Sergipe fica de fora de petição junto ao STF contra retirada de verba do Bolsa Família

Governadores do Nordeste apresentaram petição ao Supremo Tribunal Federal (STF) para que R$ 83,9 milhões redirecionados para a comunicação institucional do governo federal retornem ao Bolsa Família. O governador Belivaldo Chagas (PSD) foi o único que não assinou a petição.

O pedido foi feito nessa sexta-feira, 05. É assinado pelos procuradores-gerais dos estados de Alagoas, Bahia, Ceará, Maranhão, Paraíba, Pernambuco, Piauí e Rio Grande do Norte.  A exceção é Sergipe.

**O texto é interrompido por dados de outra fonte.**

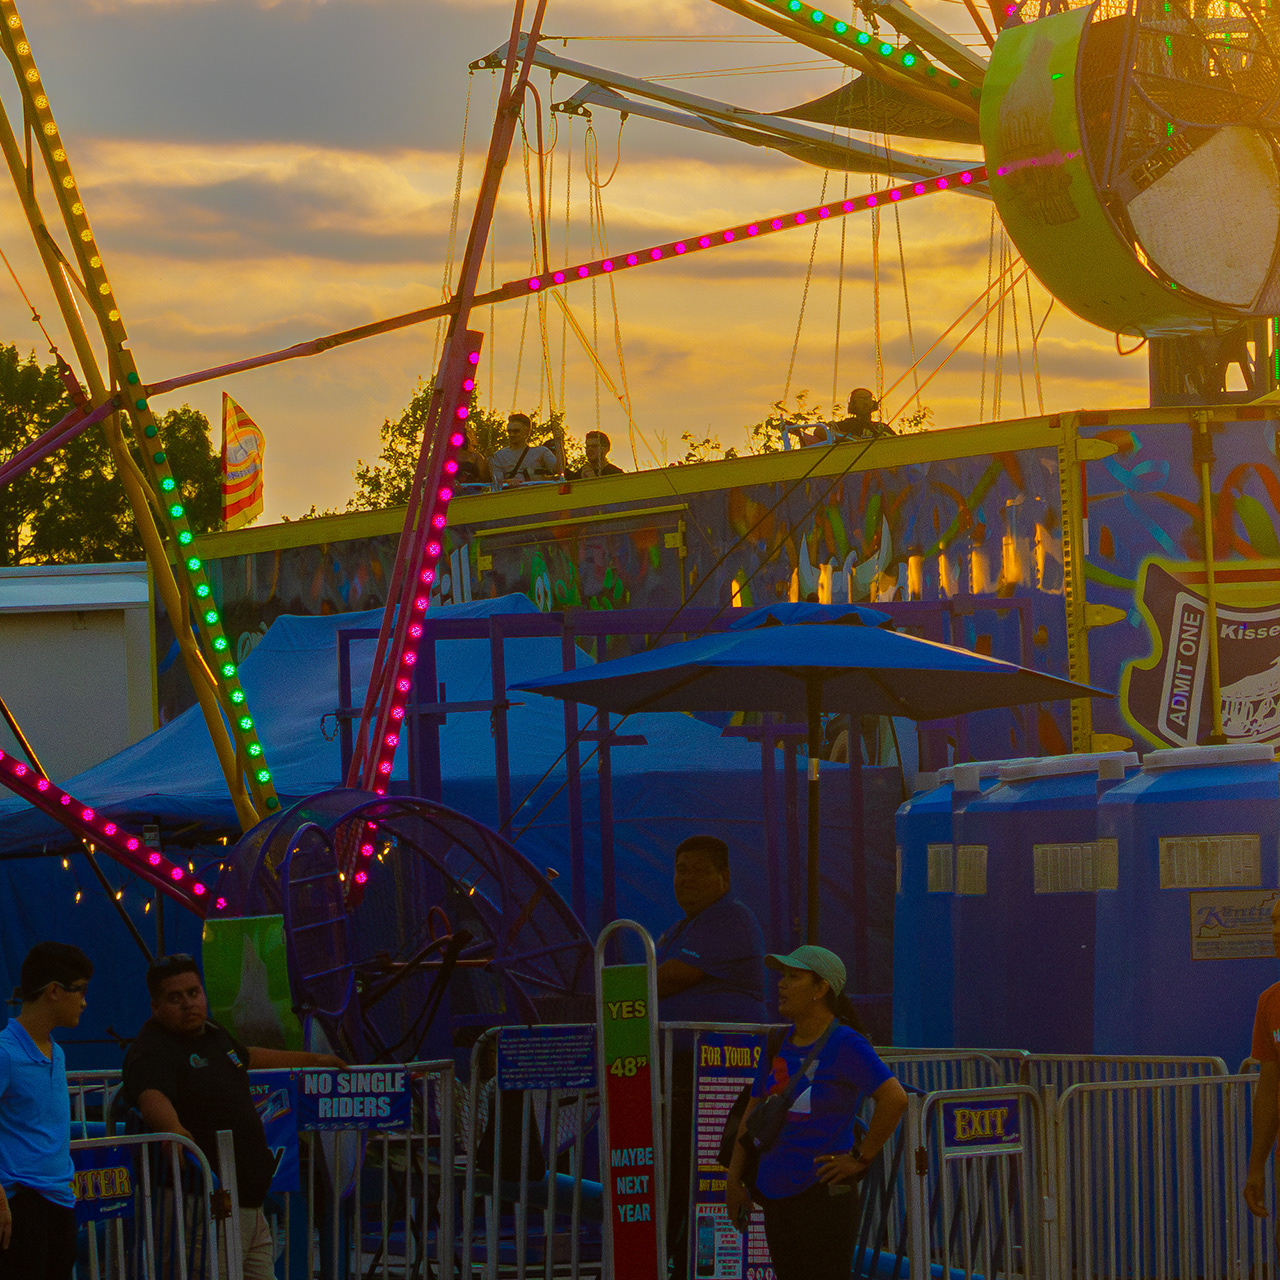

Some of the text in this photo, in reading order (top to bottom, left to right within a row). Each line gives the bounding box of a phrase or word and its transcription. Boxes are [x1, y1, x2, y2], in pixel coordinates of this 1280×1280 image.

[1169, 612, 1201, 727] ADMIT ONE
[607, 1000, 647, 1019] YES
[701, 1045, 721, 1067] FOR
[723, 1045, 751, 1068] YOUR
[304, 1072, 405, 1094] NO SINGLE
[318, 1096, 391, 1118] RIDERS
[953, 1106, 1009, 1141] EXIT
[611, 1147, 653, 1168] MAYBE
[616, 1175, 650, 1195] NEXT
[618, 1203, 651, 1223] YEAR

Os oito estados pedem ao relator no STF, ministro Marco Aurélio, a intimação da União para que, no prazo de cinco dias, apresente os dados que justifiquem a concentração de cortes na Região Nordeste, esclareça o percentual, por Região, das concessões do benefício após o deferimento da liminar na ação e explique os motivos para a manutenção dos cortes nos estados nordestinos. Pedem, ainda, que seja fixada multa diária de R$ 50 mil pelo descumprimento da liminar.

Os estados informam que o governo federal ainda não forneceu dados que justifiquem a centralização dos cortes na Região Nordeste, ao passo que, nos estados das Regiões Sul e Sudeste, houve aumento do número de beneficiários.

Na petição, dizem que a edição da Portaria 13.474, no dia de 2 de junho, suspendendo o repasse dos R$ 83,9 milhões ao programa assistencial e destinando a verba à propaganda institucional causou “perplexidade”.

Declaram também que segundo dados do Ministério da Cidadania divulgados esta semana, o Nordeste continua penalizado em relação ao Bolsa Família: em maio de 2020, foram atendidas menos famílias que no mesmo período de 2019, a despeito do quadro de retração econômica em razão da pandemia.